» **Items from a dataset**
=== Section Start ===

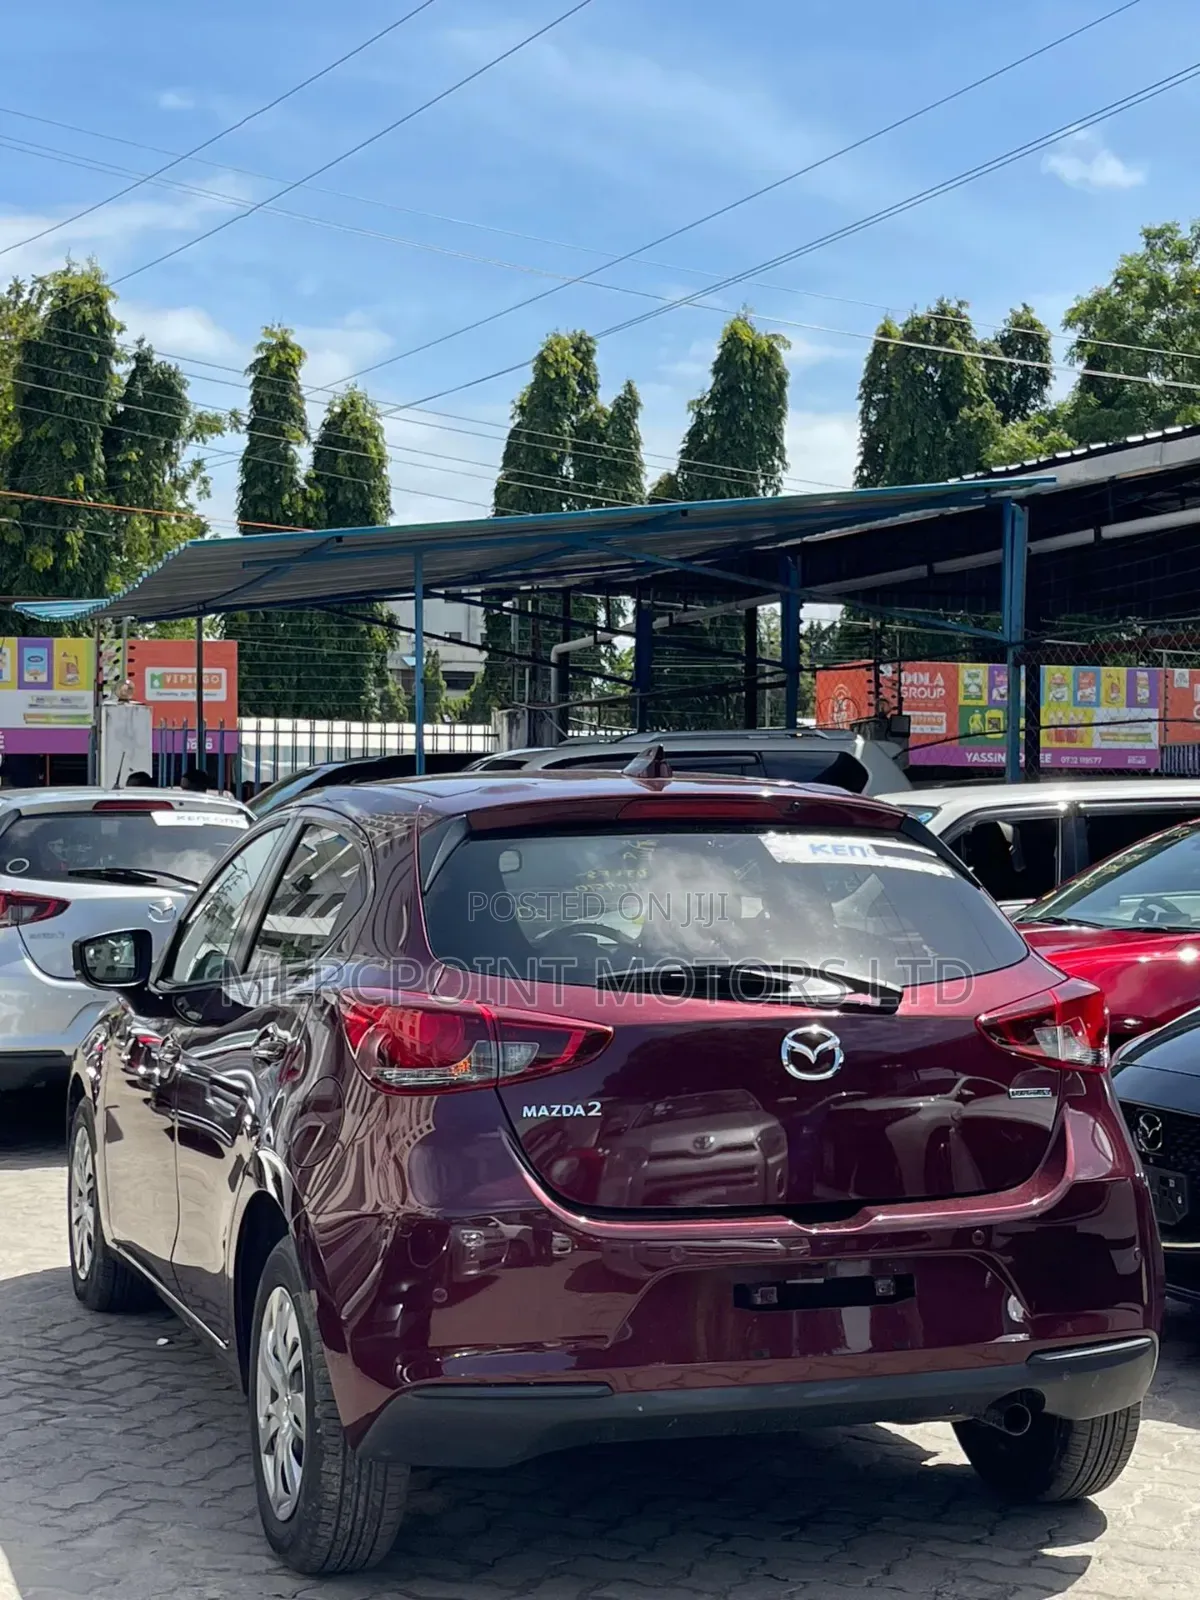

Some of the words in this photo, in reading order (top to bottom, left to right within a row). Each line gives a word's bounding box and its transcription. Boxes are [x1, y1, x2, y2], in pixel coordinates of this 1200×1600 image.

[165, 674, 220, 684] VIPIGO
[965, 752, 1006, 763] YASSIN
[522, 1101, 602, 1118] MAZDA2
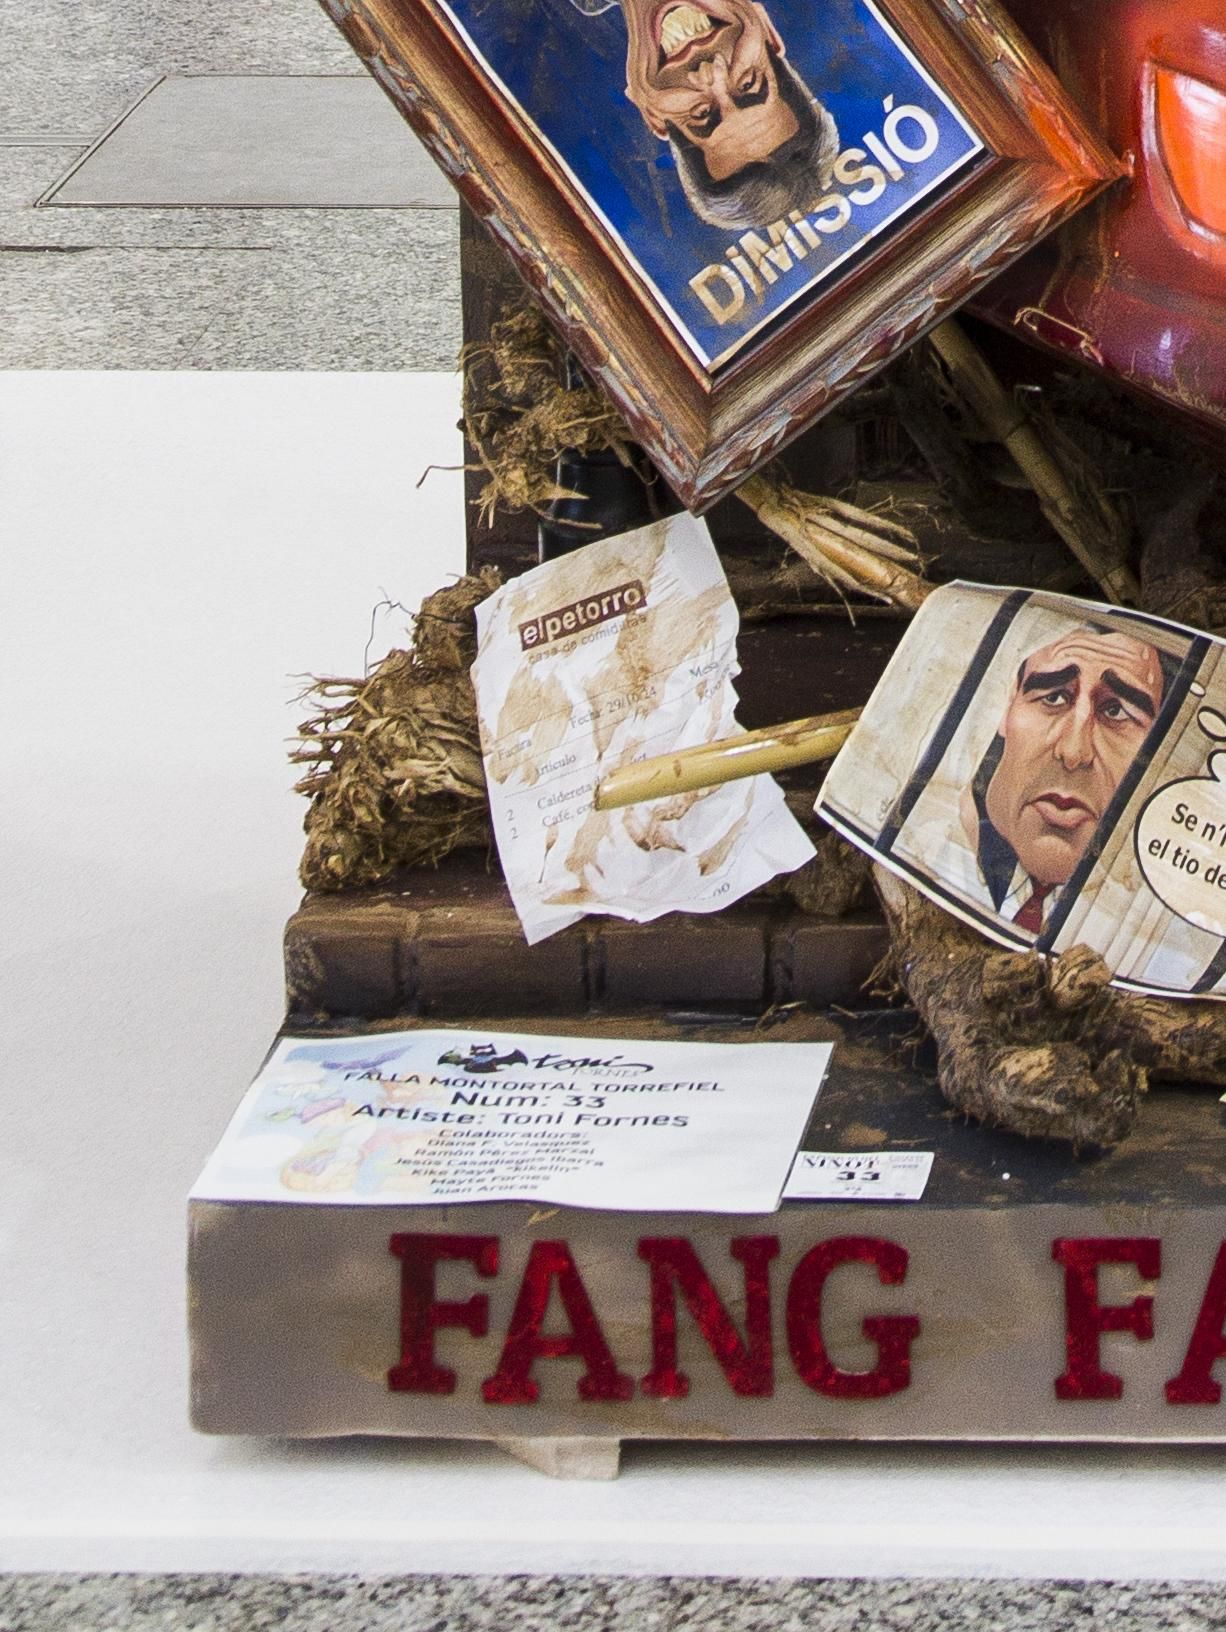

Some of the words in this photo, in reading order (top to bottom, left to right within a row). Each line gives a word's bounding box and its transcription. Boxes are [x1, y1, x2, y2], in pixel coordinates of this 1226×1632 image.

[1171, 802, 1198, 832] Se
[1148, 838, 1170, 860] el
[1171, 846, 1199, 875] tio
[344, 1071, 421, 1085] FALLA
[429, 1075, 580, 1092] MONTORTAL
[592, 1081, 725, 1093] TORREFIEL
[450, 1091, 552, 1108] Num:
[563, 1095, 607, 1109] 33
[352, 1103, 486, 1125] Artiste:
[500, 1111, 563, 1125] Toni
[574, 1113, 689, 1127] Fornes
[387, 1232, 921, 1404] FANG
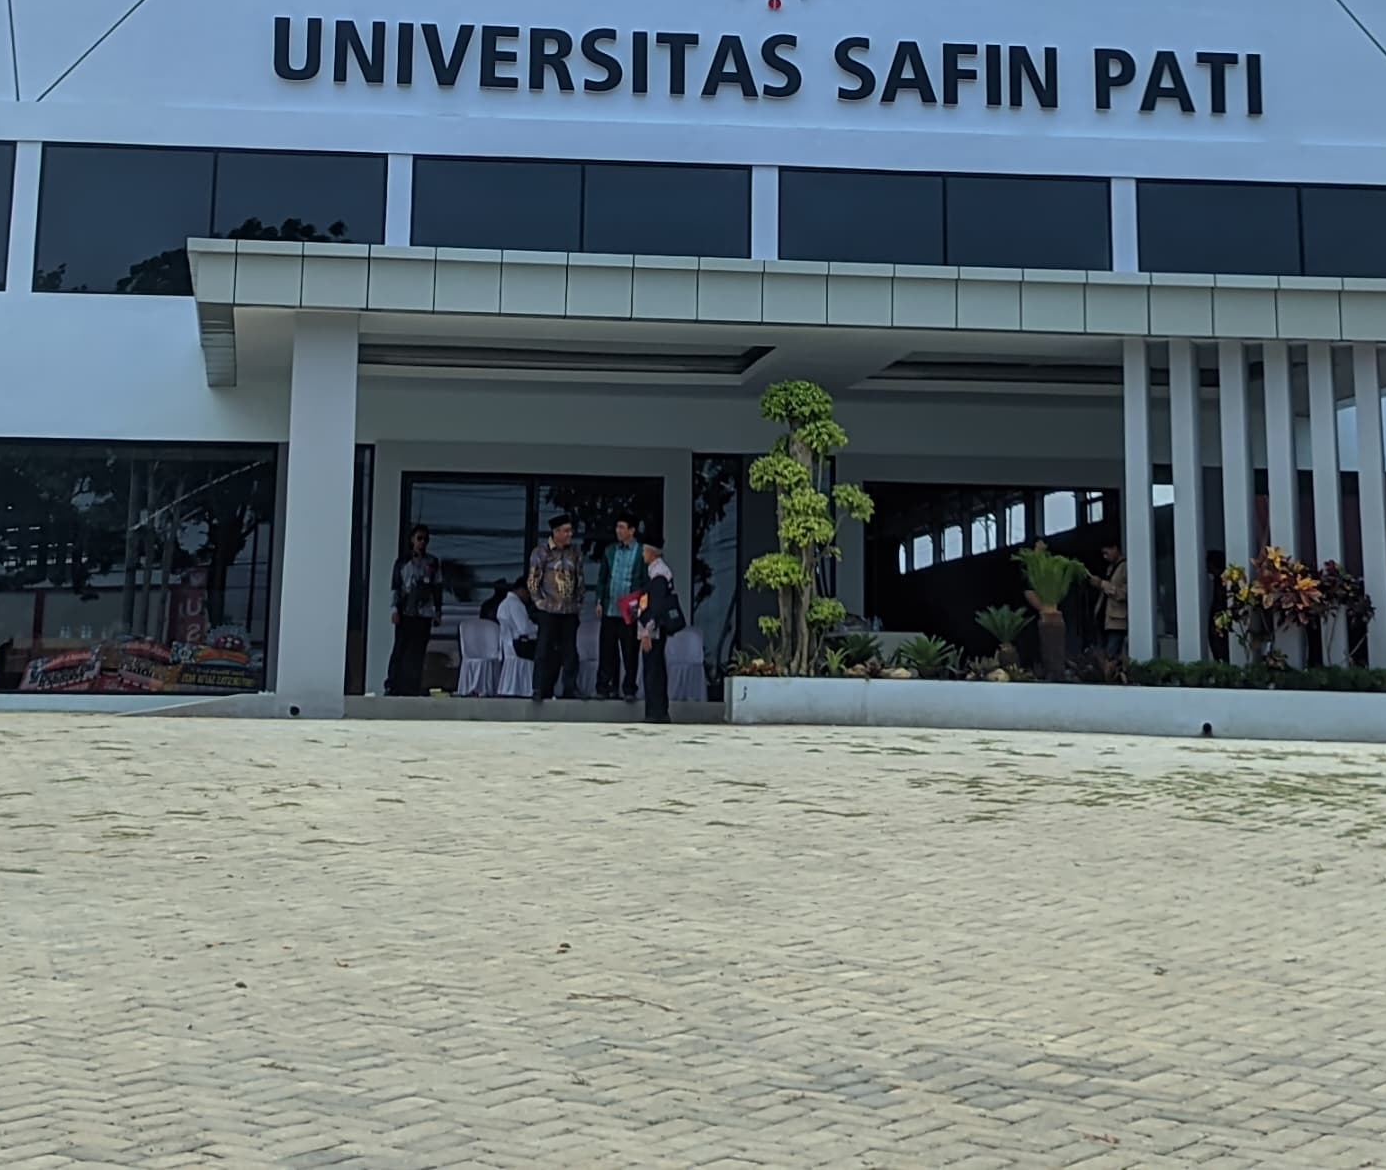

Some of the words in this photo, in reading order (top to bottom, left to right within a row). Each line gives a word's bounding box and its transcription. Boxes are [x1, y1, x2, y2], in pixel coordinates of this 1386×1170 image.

[273, 16, 803, 98] UNIVERSITAS
[833, 36, 1059, 109] SAFIN
[1094, 47, 1263, 115] PATI
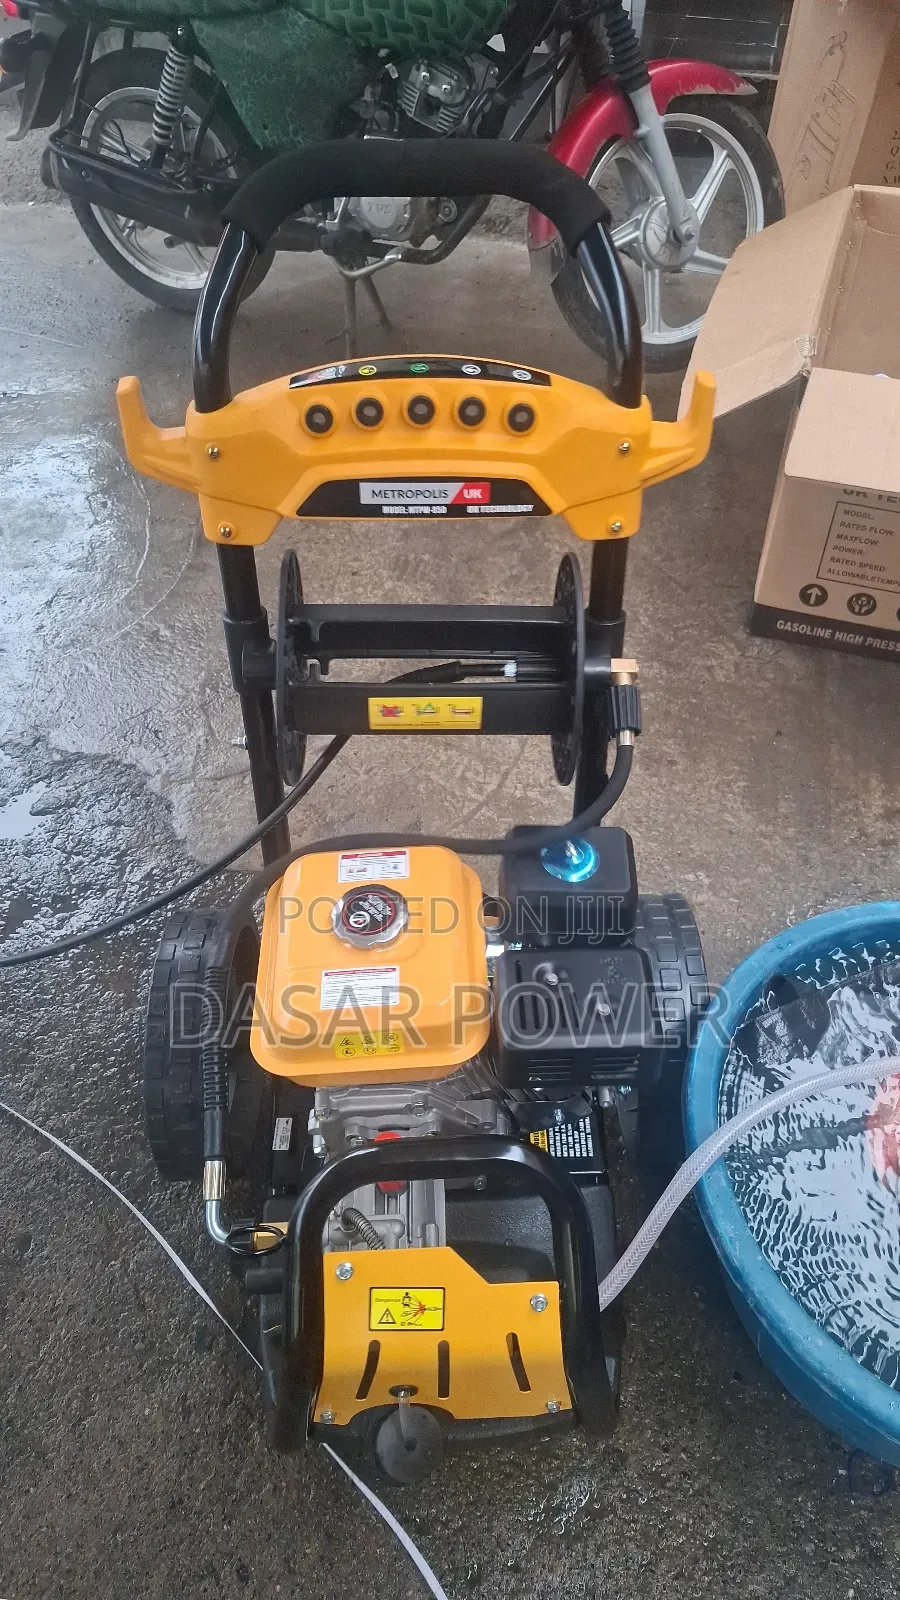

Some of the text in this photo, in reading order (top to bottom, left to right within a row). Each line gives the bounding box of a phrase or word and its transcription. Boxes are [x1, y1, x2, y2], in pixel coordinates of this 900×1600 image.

=== Section End ===

» **Assigned task**
Your copy of the entries must be exact and must not include any of their pictures.

» **Expected answer**
Some of the words in this photo, in reading order (top to bottom, left to right within a row). Each line gives a word's bounding box and its transcription. Boxes are [x1, y1, x2, y2], in pixel coordinates of this 1200×1600 image.

[165, 674, 220, 684] VIPIGO
[965, 752, 1006, 763] YASSIN
[522, 1101, 602, 1118] MAZDA2

Some of the words in this photo, in reading order (top to bottom, left to right within a row). Each line gives a word's bounding box and its transcription. Boxes are [x1, y1, x2, y2], in pixel coordinates of this 1226×1632 image.

[1171, 802, 1198, 832] Se
[1148, 838, 1170, 860] el
[1171, 846, 1199, 875] tio
[344, 1071, 421, 1085] FALLA
[429, 1075, 580, 1092] MONTORTAL
[592, 1081, 725, 1093] TORREFIEL
[450, 1091, 552, 1108] Num:
[563, 1095, 607, 1109] 33
[352, 1103, 486, 1125] Artiste:
[500, 1111, 563, 1125] Toni
[574, 1113, 689, 1127] Fornes
[387, 1232, 921, 1404] FANG

Some of the words in this photo, in reading order (top to bottom, left to right within a row). Each line gives a word's bounding box and its transcription. Boxes are [x1, y1, x2, y2], in pixel coordinates of this 1386×1170 image.

[273, 16, 803, 98] UNIVERSITAS
[833, 36, 1059, 109] SAFIN
[1094, 47, 1263, 115] PATI

Some of the text in this photo, in reading order (top to bottom, left to right within a row). Each line gives the bounding box of a phrase or word and its transcription. Boxes are [x1, y1, x2, y2], in pixel coordinates of this 900×1600 image.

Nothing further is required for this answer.